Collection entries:
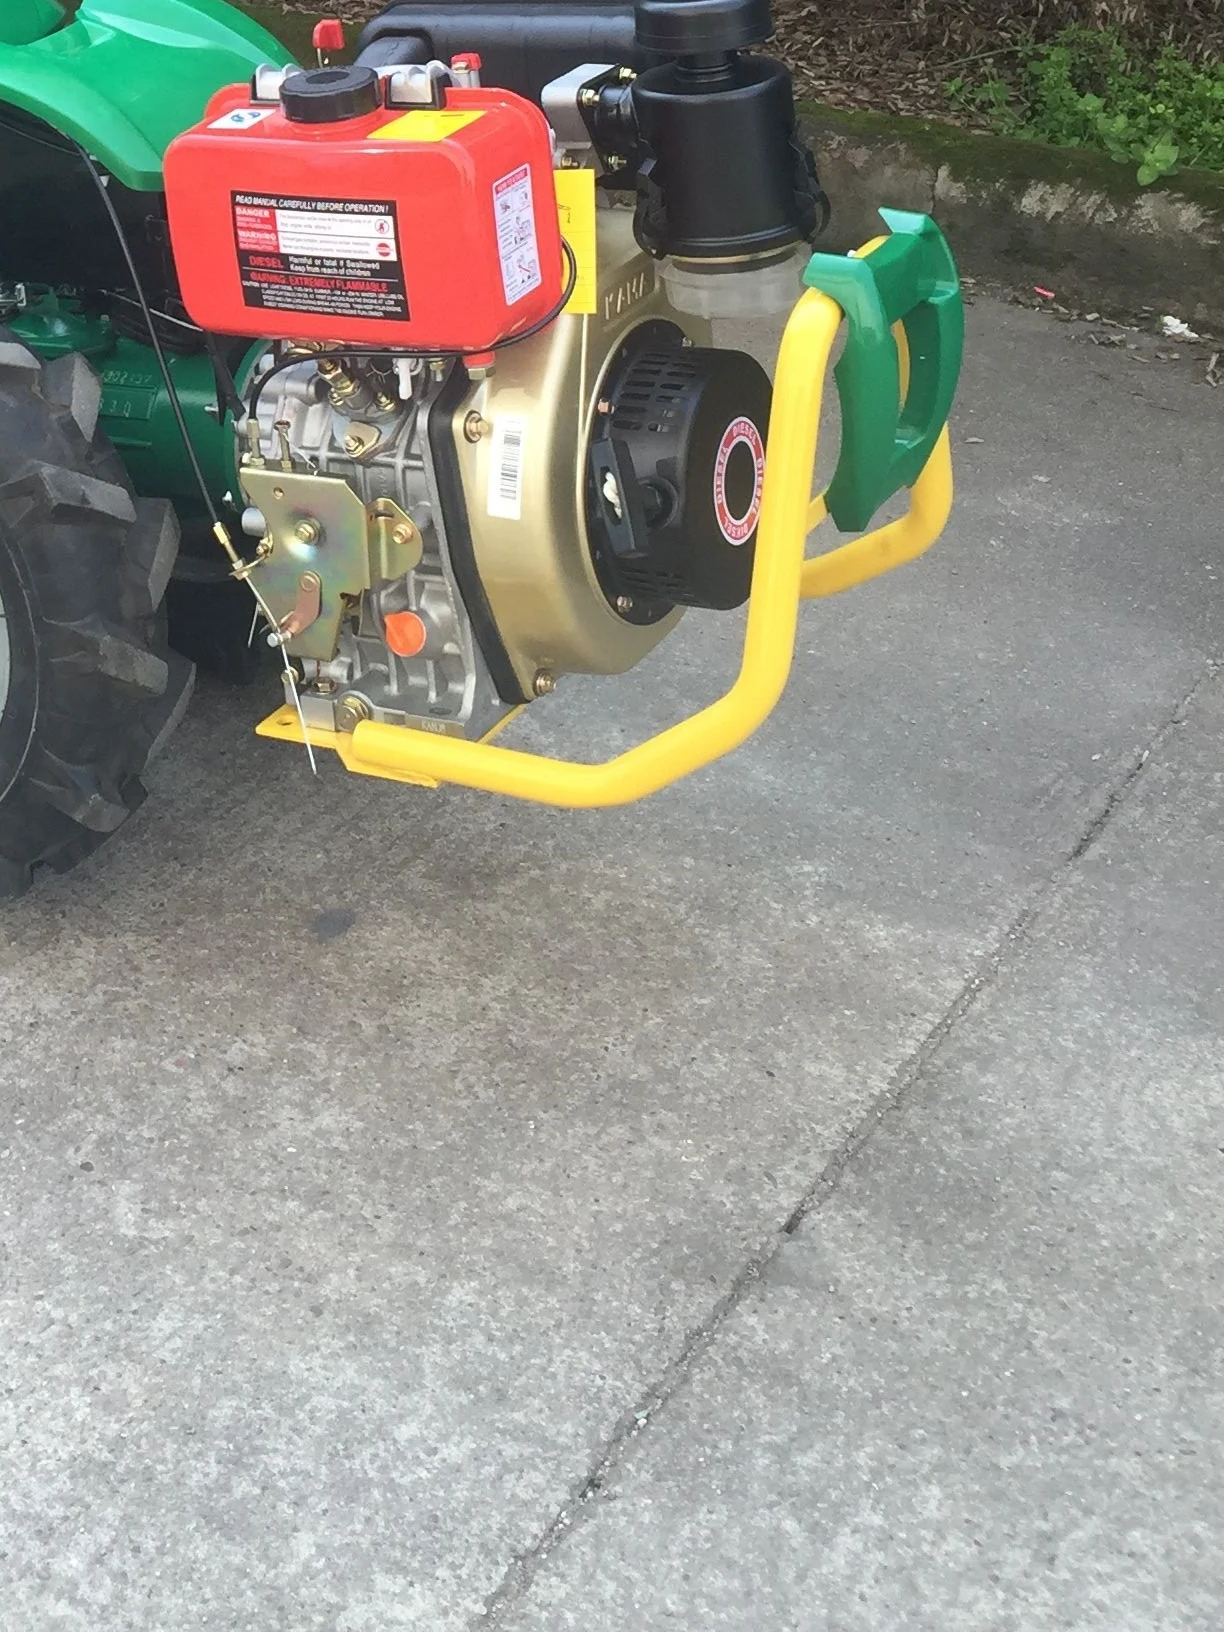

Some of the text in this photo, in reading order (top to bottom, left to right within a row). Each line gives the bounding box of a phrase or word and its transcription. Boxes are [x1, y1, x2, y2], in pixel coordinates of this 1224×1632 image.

[235, 195, 252, 204] READ
[252, 196, 278, 207] MANUAL
[278, 198, 316, 210] CAREFULLY
[316, 201, 344, 212] BEFORE
[344, 202, 385, 213] OPERATION
[235, 208, 270, 217] DANGER
[238, 230, 277, 240] WARNING
[249, 255, 284, 268] DIESEL
[289, 276, 335, 288] EXTREMELY
[336, 280, 388, 292] FLAMMABLE
[732, 422, 757, 445] DIESEL
[723, 516, 749, 539] DIESEL
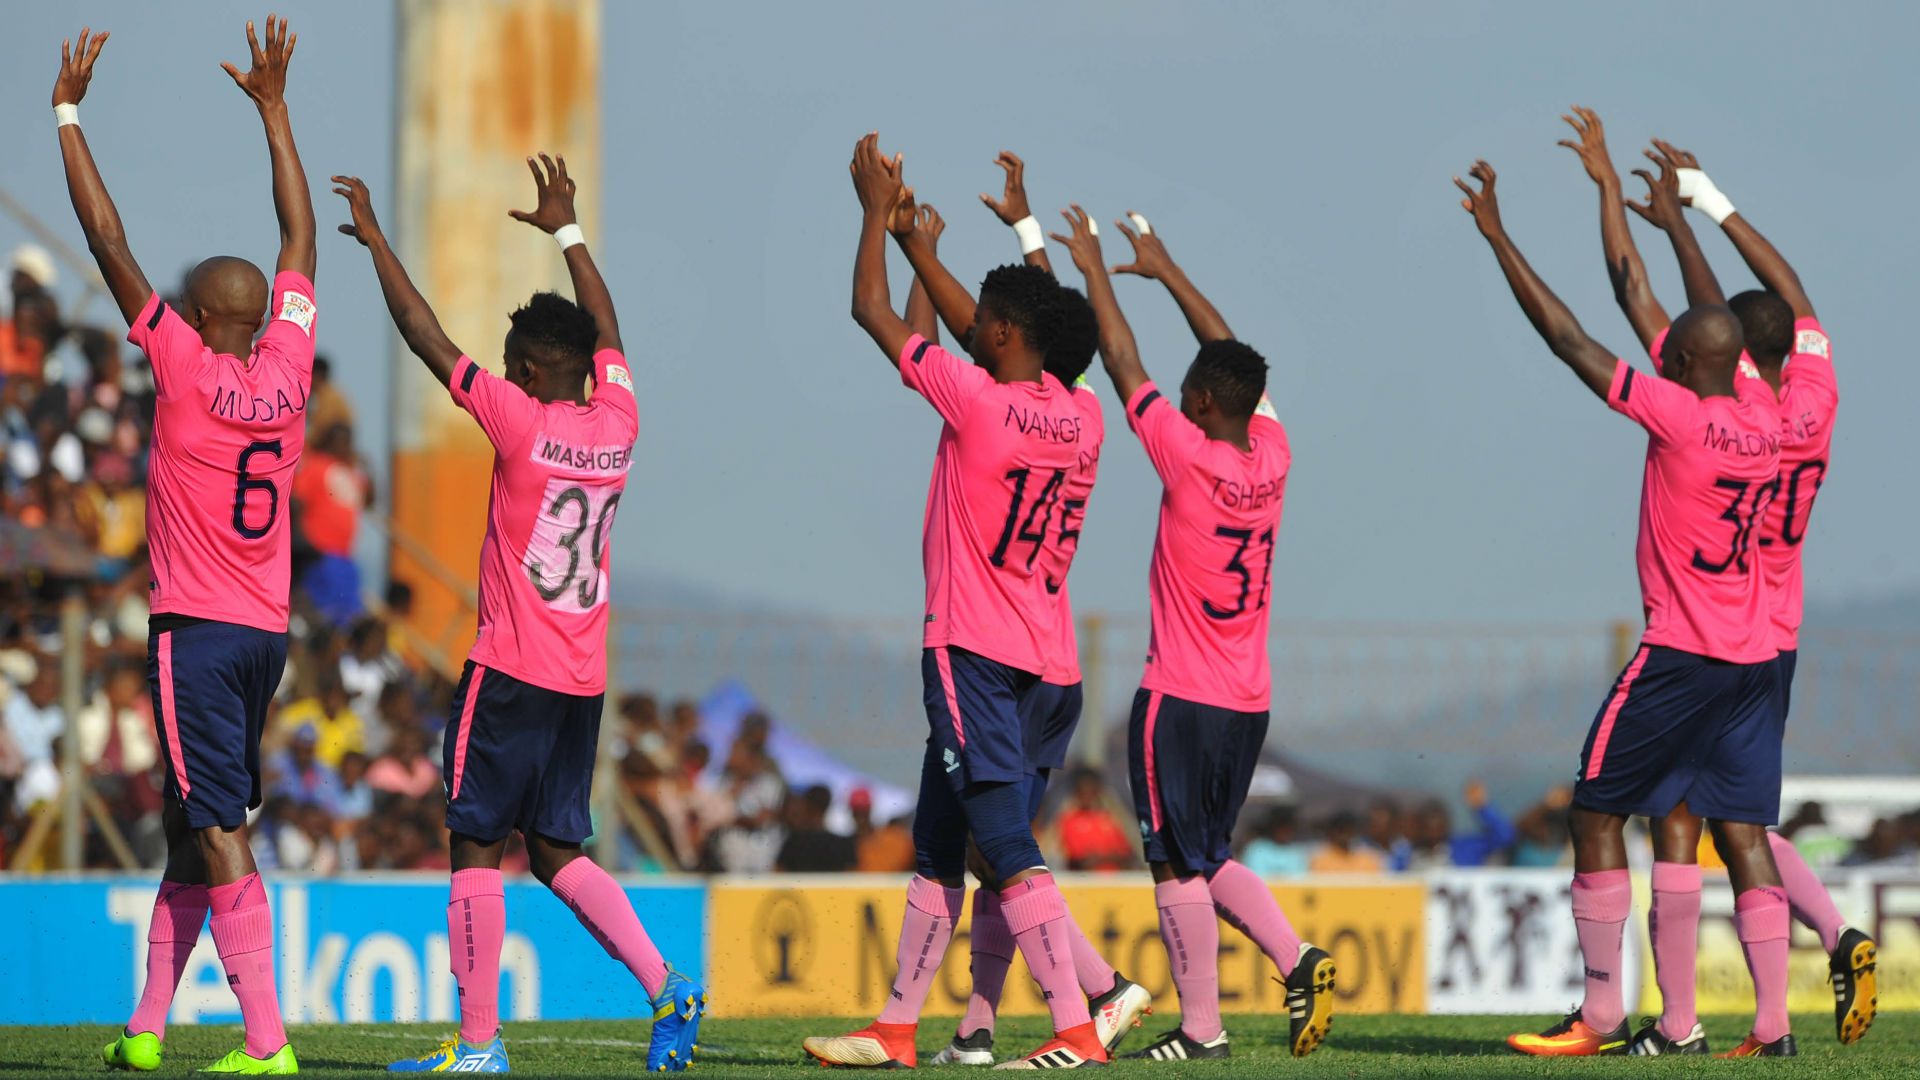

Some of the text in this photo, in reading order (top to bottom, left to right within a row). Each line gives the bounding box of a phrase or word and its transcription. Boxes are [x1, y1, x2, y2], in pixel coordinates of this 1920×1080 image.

[232, 439, 282, 541] 6
[988, 467, 1066, 573] 14
[528, 486, 623, 609] 39
[1202, 523, 1276, 621] 31

[WHAT TO WORK ON] Your answer should be every line above, written out exactly, with no pictures.

[WRITTEN RESPONSE]
Some of the text in this photo, in reading order (top to bottom, left to right within a row). Each line gives the bounding box of a phrase or word and its transcription. Boxes are [x1, y1, x2, y2], in pixel coordinates of this 1224×1632 image.

[235, 195, 252, 204] READ
[252, 196, 278, 207] MANUAL
[278, 198, 316, 210] CAREFULLY
[316, 201, 344, 212] BEFORE
[344, 202, 385, 213] OPERATION
[235, 208, 270, 217] DANGER
[238, 230, 277, 240] WARNING
[249, 255, 284, 268] DIESEL
[289, 276, 335, 288] EXTREMELY
[336, 280, 388, 292] FLAMMABLE
[732, 422, 757, 445] DIESEL
[723, 516, 749, 539] DIESEL

Some of the text in this photo, in reading order (top to bottom, left to right within a row). Each line gives the bounding box of a phrase or word and its transcription. Boxes are [x1, y1, x2, y2], in pixel coordinates of this 1920×1080 image.

[232, 439, 282, 541] 6
[988, 467, 1066, 573] 14
[528, 486, 623, 609] 39
[1202, 523, 1276, 621] 31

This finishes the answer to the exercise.